Our approach to new contaminants has been their degradation and removal using a combination of physical, chemical, and biological treatment techniques. As every situation is different and experimental data is insufficient to provide precise predictions for the mechanistic degradation and removal fate of emerging contaminants, we tend to pilot for proof of concept.


I believe the market will move more towards using advanced oxidation processes (AOP), biological treatment technologies and nanofiltration. Combining technologies is particularly appropriate for recalcitrant emerging contaminants, where one technology (e.g. AOP) produces partial degradation while a second technology (e.g. FBR) completes the degradation and a third technology (e.g. nanofiltration) removes any residuals. Where applicable, we prefer biological treatment, applying our FBR, as it generally provides the most sustainable and cost-effective treatment solution.


What are your activities in hydrogen production and what changes do you see for the future of this water-related market?

I believe with the deployment of CO2 policy and hydrogen incentives, demand for hydrogen will rise, and its use will gain traction. As evaporatively-cooled coal power plants become obsolete, the large amount of water they consume will be reallocated. Freeing up that water supply will permit new electrolytic hydrogen production in renewable energy-rich areas, which are currently considered water-constrained. In my opinion, using hydrogen as a renewable energy source will lead to water savings, not expenditures, in the long term. Improvements are needed in the energy efficiency of electrolysers, which is currently the limiting factor.


In our experience, the cost and complexity of producing demineralised water highly depend on source water quality. This is essential, as water infrastructure can be up to 10% of hydrogen projects’ installed cost. Many regions may turn to large-scale wastewater reuse to support water demand.


Much of the water consumed in electrolysis can be recovered if hydrogen is used in processes that permit steam recovery. We are working with customers to reuse the by-product water from the industrial use of hydrogen. Hydrogen production yields large quantities of oxygen. For each megawatt of electrolyser power, approximately 3.9 tons per day of oxygen is released. This poses an enormous opportunity for developing innovative oxygen-dependent applications, including wastewater treatment and aquaculture.

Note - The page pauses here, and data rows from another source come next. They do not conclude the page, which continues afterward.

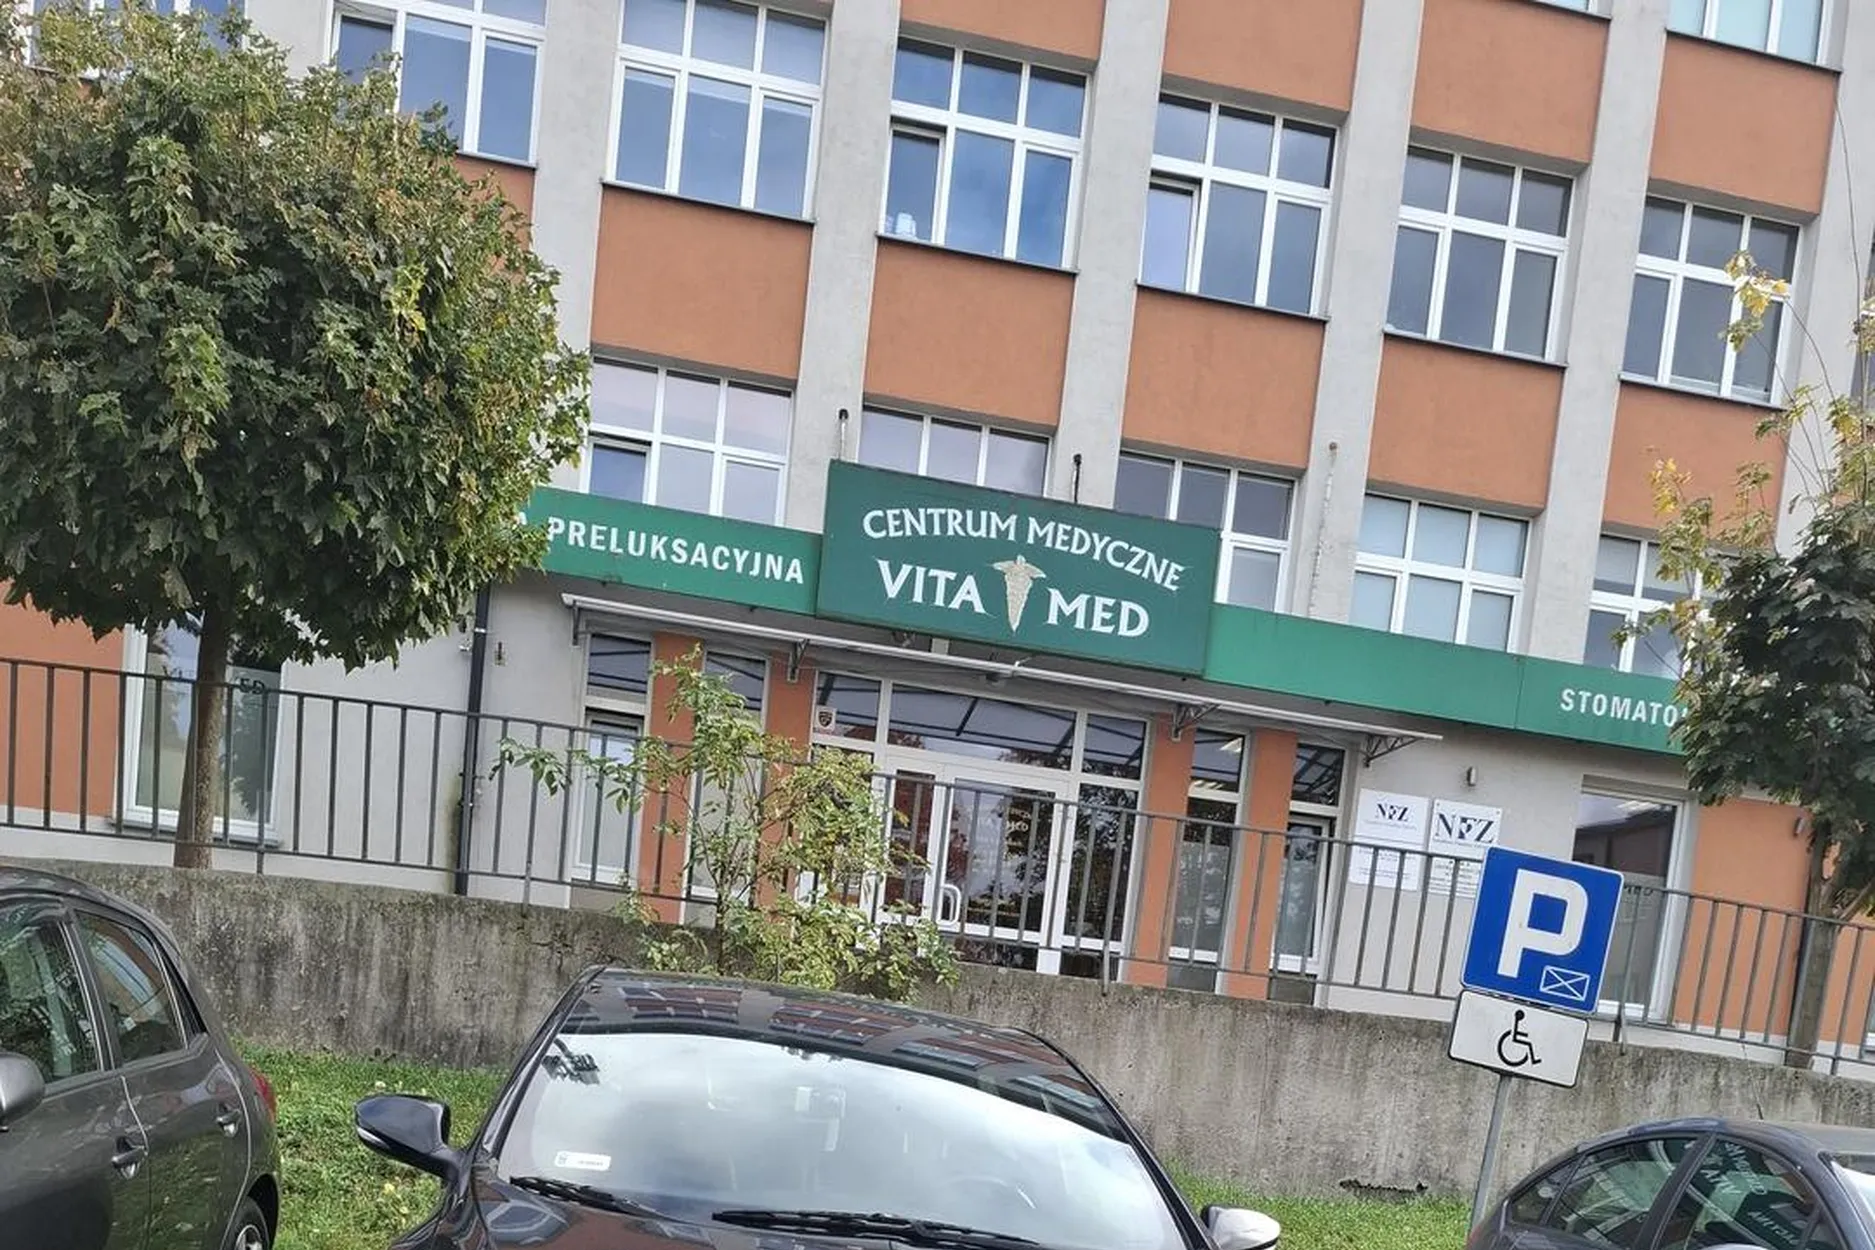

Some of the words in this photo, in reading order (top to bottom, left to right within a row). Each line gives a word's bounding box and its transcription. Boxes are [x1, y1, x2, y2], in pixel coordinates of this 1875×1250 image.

[547, 516, 804, 584] PRELUKSACYJNA
[862, 508, 1018, 542] CENTRUM
[1026, 516, 1188, 591] MEDYCZNE
[873, 556, 994, 615] VITA
[1046, 587, 1149, 637] MED
[1560, 688, 1687, 727] STOMATO
[1376, 803, 1408, 822] NFZ
[1435, 813, 1494, 844] NFZ
[1497, 868, 1588, 978] P

What do you think will be the game-changing technologies in the water sector in the next ten years? What is ripe for disruption?

There is scope for further innovation in membrane filtration systems, AOP, biological remediation, hybrid natural and advanced treatment systems, microbial fuel cells, and electrochemical and nanotechnology. However, business-as-usual approaches and traditional technological choices for water management will not be able to address the many future challenges sufficiently. The way we think about water is ripe for disruption. I believe there will be a move towards semi-centralised approaches to locally extract maximum benefit (e.g. nutrients, energy and water) from each specific water resource using a range of technologies, giving the potential for a green local economy.


Disruptive innovation may come in the form of making benefits from today’s larger-scale innovative technologies viable at a smaller scale. This would permit local application and allow water to be harvested for resources and reused multiple times locally through cascading water-use approaches depending on water quality requirements.


Also, the nexus between water production and energy utilisation needs to continue towards increasing efficiency. This has improved over the years with RO systems having more efficient pre-treatment and utilising two- and three-stage pass systems. Still, more R&D is required to reduce the energy footprint of the transport and treatment of water. I see the updates in electrodialysis technology as one of these potential game-changers.